If the United States knows the names of these and others who have faced abuse for promoting democracy in Hong Kong, why is the administration not actively helping them and instead spending hundreds of millions of dollars supporting hundreds of thousands of illegal migrants who may or may not (and most don’t) have asylum claims?
It’s a reasonable question, given that in failing to enforce our border and immigration laws, the Biden administration is breaking our asylum system.
According to a report from the Transactional Records Access Clearinghouse (TRAC) at Syracuse University in late December, nearly 788,000 aliens have asylum applications pending before immigration judges (IJs), while there are another 778,000-plus affirmative asylum applications pending with USCIS asylum officers (AOs) — almost 1.6 million in total. That’s more than the population of Hawaii.

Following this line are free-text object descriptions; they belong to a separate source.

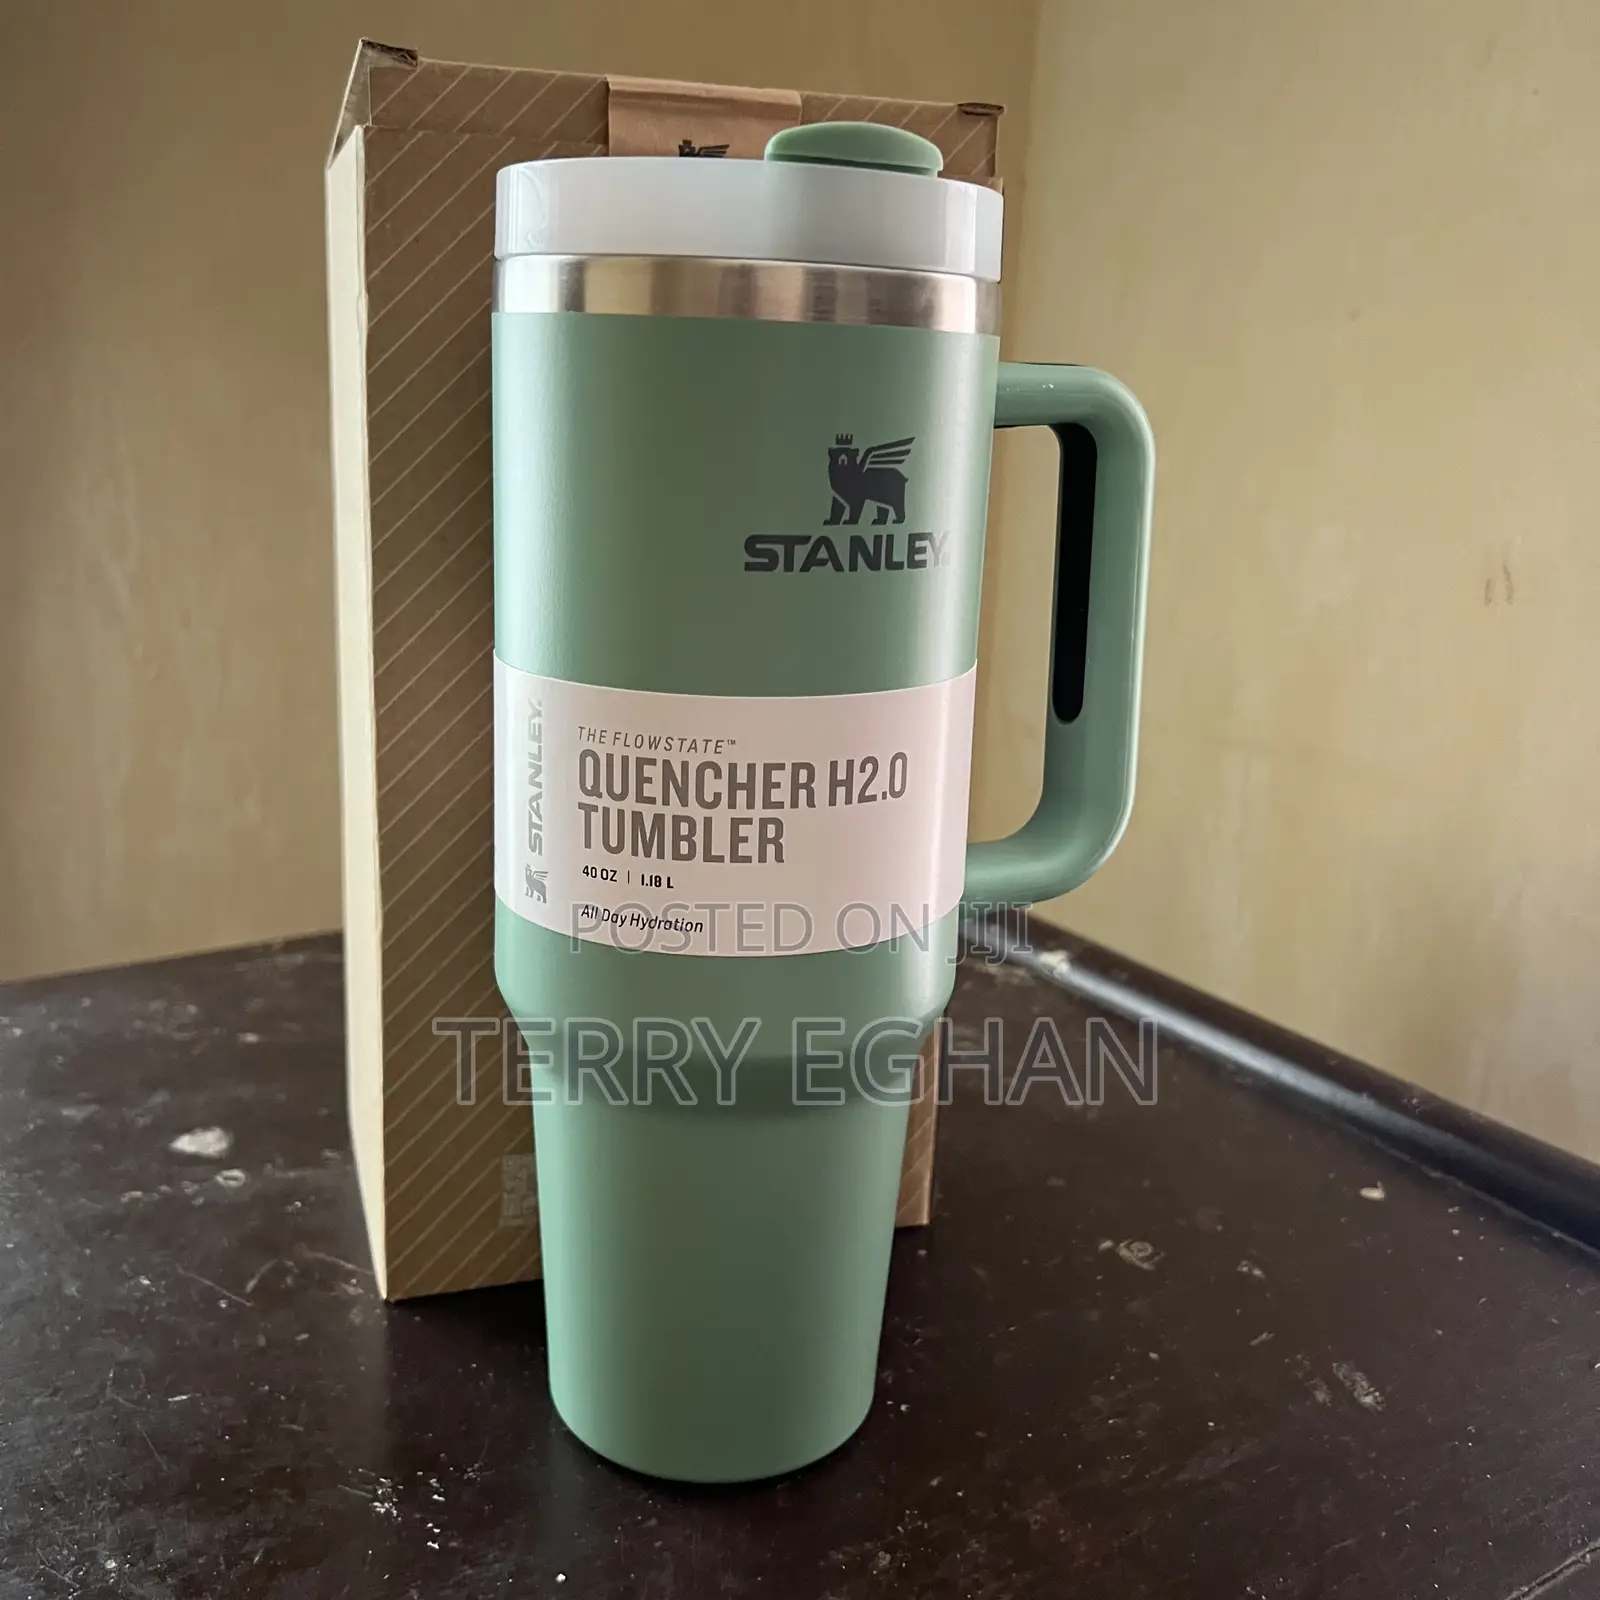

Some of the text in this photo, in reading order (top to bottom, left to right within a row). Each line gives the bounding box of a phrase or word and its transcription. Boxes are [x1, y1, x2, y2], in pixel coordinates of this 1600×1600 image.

[744, 531, 949, 572] STANLEY
[578, 726, 607, 744] THE
[527, 697, 543, 857] STANLEY
[578, 748, 908, 811] QUENCHER H2.0
[577, 802, 785, 864] TUMBLER
[582, 865, 674, 889] 40 OZ 1.18 L
[580, 904, 704, 933] All Day Hydration

There are fewer than 580 IJs, while the 750 AOs at USCIS not only must adjudicate asylum applications, but also conduct credible fear interviews at the border. This isn’t Lucy on the line at the candy factory — it’s Sisyphus rolling a boulder up a steep and snowy hill wearing skates. They can’t keep up.
Rather than having potential asylum applicants self-select for protection by breaking our laws and entering illegally, why not have the United States go and select the truly needy and threatened instead? There is precedent, involving the most unlikely of individuals — Marie Joseph Paul Yves Roche Gilbert du Motier, better known as the Marquis de Lafayette, hero of the American Revolution.
In May 1796, Lafayette was a prisoner of the Austrian crown after his capture by Austrian and Prussian forces in 1792 in the Belgian town of Liege. Lafayette’s wife had already escaped her own imprisonment in France during the Terror, making her way to Hamburg, Germany, where the U.S. consul gave her a passport in the name of "Madame Motier, of Hartford, in Connecticut”.
That month, President Washington wrote to the Austrian emperor, asking (in a letter delivered by John Jay) that the marquis “be permitted to come to this country, on such conditions” as the emperor might “think it expedient to prescribe”. It was in vain (Napoleon Bonaparte later secured Lafayette’s release in 1798), but the United States then lacked the power it has now — and should use it.
Thanks to the Biden administration’s neglect of our immigration laws, the U.S. asylum system is being abused. It can take years for meritorious cases to be granted, and similar periods for bogus cases to be denied. That’s allowing hundreds of thousands of aliens with little or no claim to protection to live here illegally, enriching them and the smugglers who brought them. Perhaps we should rethink our humanitarian system, and grant aid to those we know are deserving instead of untold others who aren’t.